Koen Meulenaere
Koen Meulenaere Van 1991 tot 2012 de satiricus van Knack

In de Kroonraad van Knack geven vooraanstaande politici hun opinie over de actualiteit. Deze week Mark Eyskens over de Nederlandse verkiezingen, 18 mei, het Waalse staal, en de oorlog tegen Irak.

n Mijnheer Eyskens, voor de tweede keer in minder dan een jaar tijd zorgen de Nederlandse verkiezingen voor een politieke aardverschuiving. Deze keer wint de PvdA negentien zetels.

MARK EYSKENS: Laten we zeggen dat de breuken van de vorige aardschok weer hersteld zijn, met een hergroepering rond christen-democraten en socialisten. Het experiment Pim Fortuyn is als een soufflé in elkaar gestort, maar de leiders van de traditionele partijen, Jan Peter Balkenende en Wouter Bos, hebben toch voor een deel de methodes van Fortuyn overgenomen. De campagne was ultragemediatiseerd met veel showelementen. Het is een soort amerikanisering ex-post die zich meester maakt van de Europese politiek, naarmate de ideologische verschillen in de ruime middenmoot van het politieke spectrum afnemen.
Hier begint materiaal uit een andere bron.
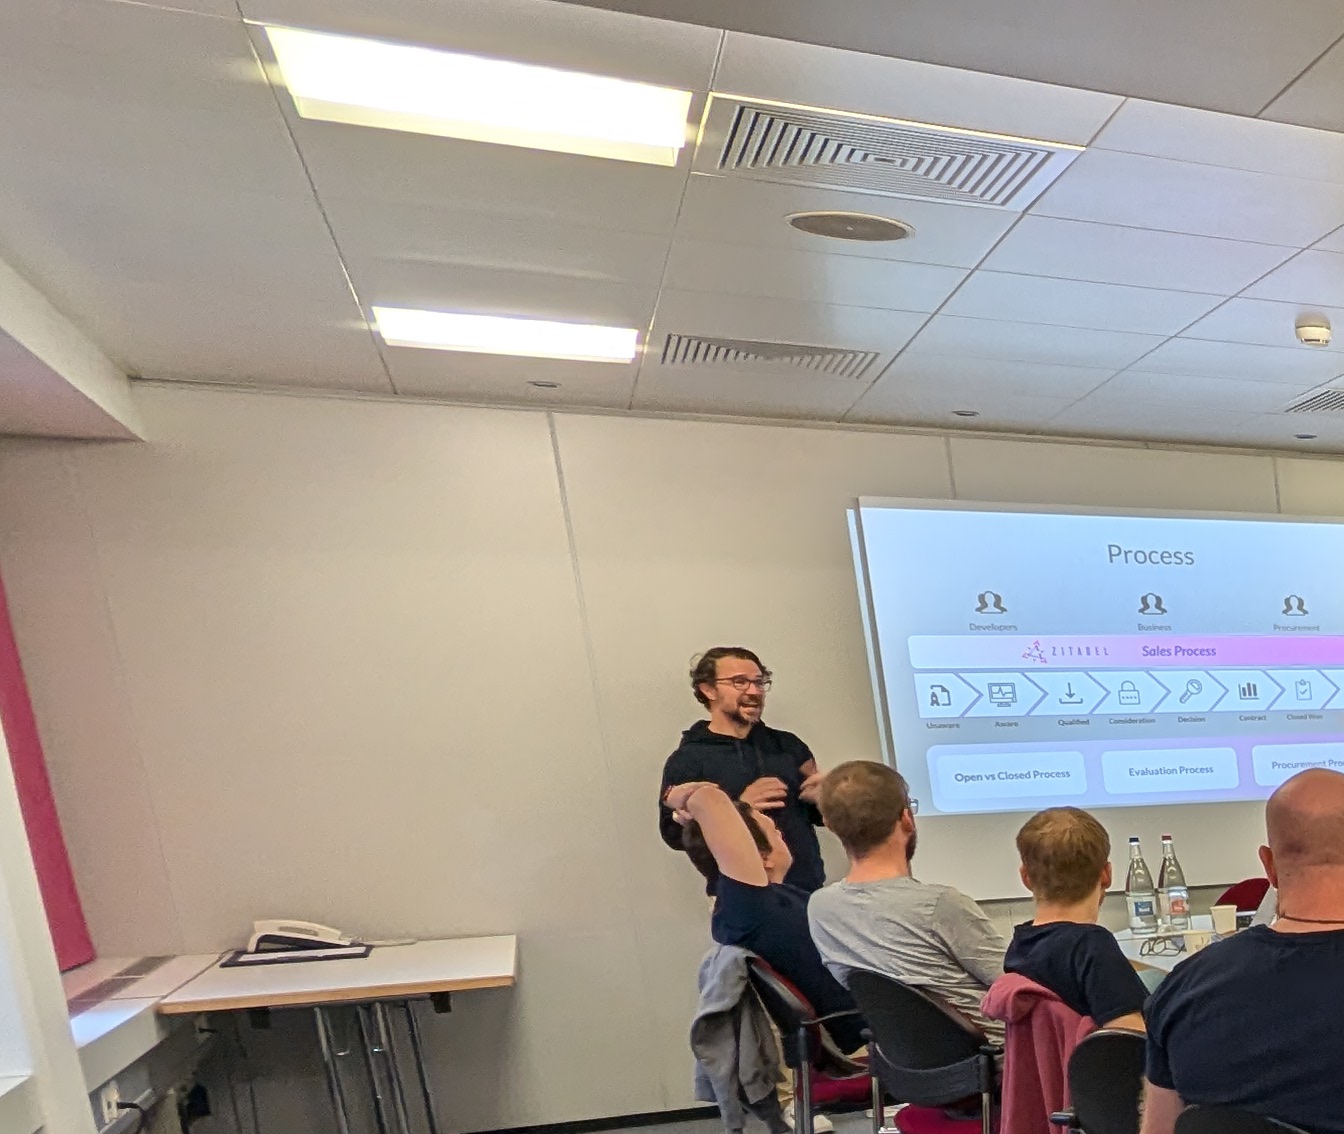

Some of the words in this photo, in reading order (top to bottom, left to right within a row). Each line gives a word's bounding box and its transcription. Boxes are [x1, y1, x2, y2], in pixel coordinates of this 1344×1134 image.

Ongeveer zeventig procent van de kiezers staan achter een gematigd centrumprogramma, met kleine accenten naar links of rechts. Ik heb al vaker gezegd dat liberalen niet langer voorstander zijn van vrijheid maar van vrijerheid, en socialisten niet langer van gelijkheid maar van gelijkerheid. Het verschil daartussen is niet zo groot en de kiezers laten zich nu vooral lokken door leidersfiguren of mensen die goed overkomen. Iemand met een openstaande kraag, of zoals in Nederland oneerbiedig wordt gezegd: iemand met een goed ogend achterste. Ik durf die gedachte niet transponeren naar de Belgische politiek. De Nederlandse verkiezingen illustreren een evolutie die vragen oproept over de maturiteit van onze democratie.

Als de televisie zo overheersend is, bepalen de televisiemakers dan wie populair wordt en aan de macht komt?

EYSKENS: Tot op grote hoogte wel. Een mooie jonge vrouw heeft een voorsprong op een bedaagde oudere man, waarbij ik aan niemand specifiek denk. En wat gezegd wordt, is minder belangrijk dan hoe het gezegd wordt. De oneliners, de gevatte uitdrukkingen, de scherpe uitvallen en de zogenaamd historische woorden krijgen een veel grotere impact dan ze verdienen. Voor de oplossing van belangrijke maatschappelijke problemen is dat beroerd, want het leidt tot een oppervlakkig politiek debat. De nieuwe debatcultuur is noch debat noch cultuur, het is quatsch.

Acht u het mogelijk dat bij ons een partij negentien zetels wint?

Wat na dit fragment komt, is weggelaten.